• [Work item]: Without the pictures, reproduce the records that follow exactly.

Source records START

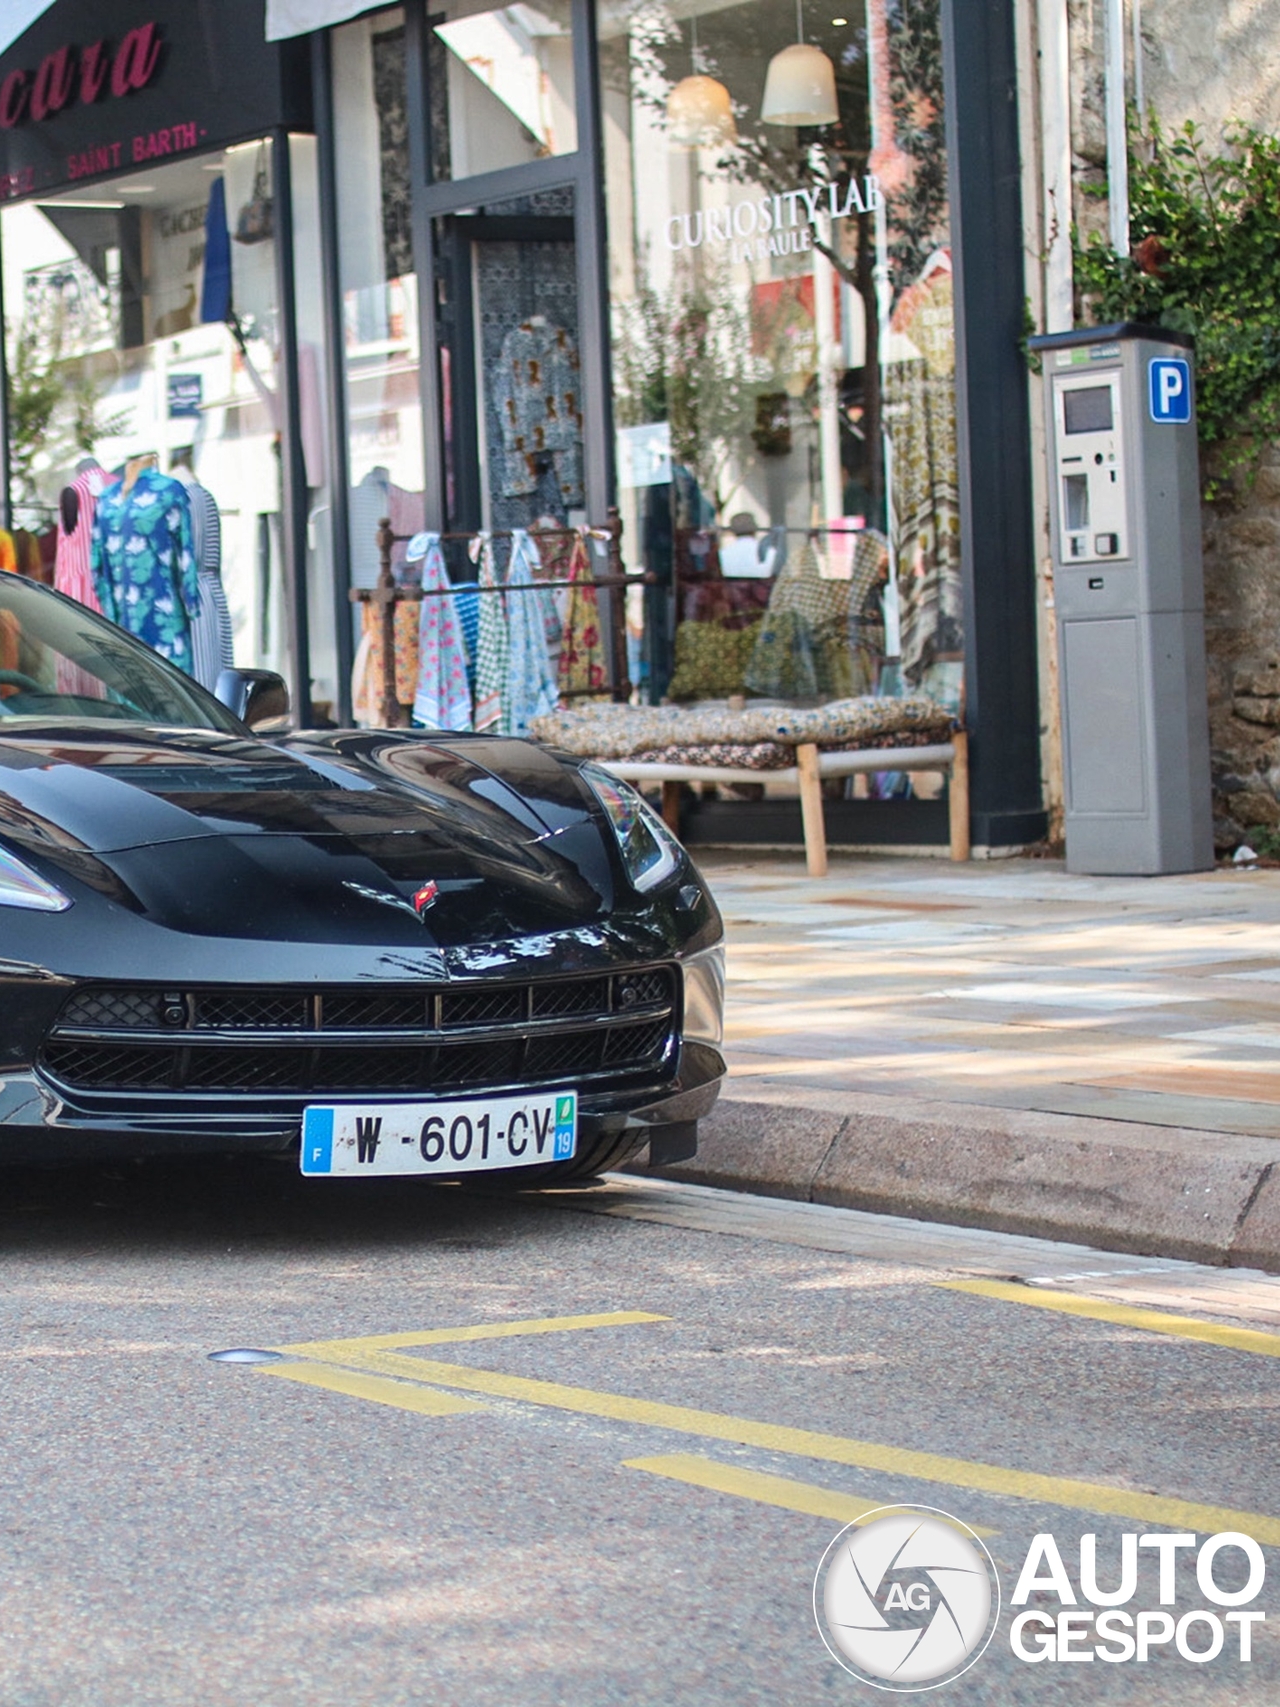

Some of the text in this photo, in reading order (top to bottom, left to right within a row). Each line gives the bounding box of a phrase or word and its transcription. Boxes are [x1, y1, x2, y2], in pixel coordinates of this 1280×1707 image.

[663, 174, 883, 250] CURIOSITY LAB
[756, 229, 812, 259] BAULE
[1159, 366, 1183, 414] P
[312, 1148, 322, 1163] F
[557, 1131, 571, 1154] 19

Source records END

• [Response area]:
Some of the text in this photo, in reading order (top to bottom, left to right within a row). Each line gives the bounding box of a phrase or word and its transcription. Boxes are [x1, y1, x2, y2], in pixel coordinates of this 1280×1707 image.

[663, 174, 883, 250] CURIOSITY LAB
[756, 229, 812, 259] BAULE
[1159, 366, 1183, 414] P
[312, 1148, 322, 1163] F
[557, 1131, 571, 1154] 19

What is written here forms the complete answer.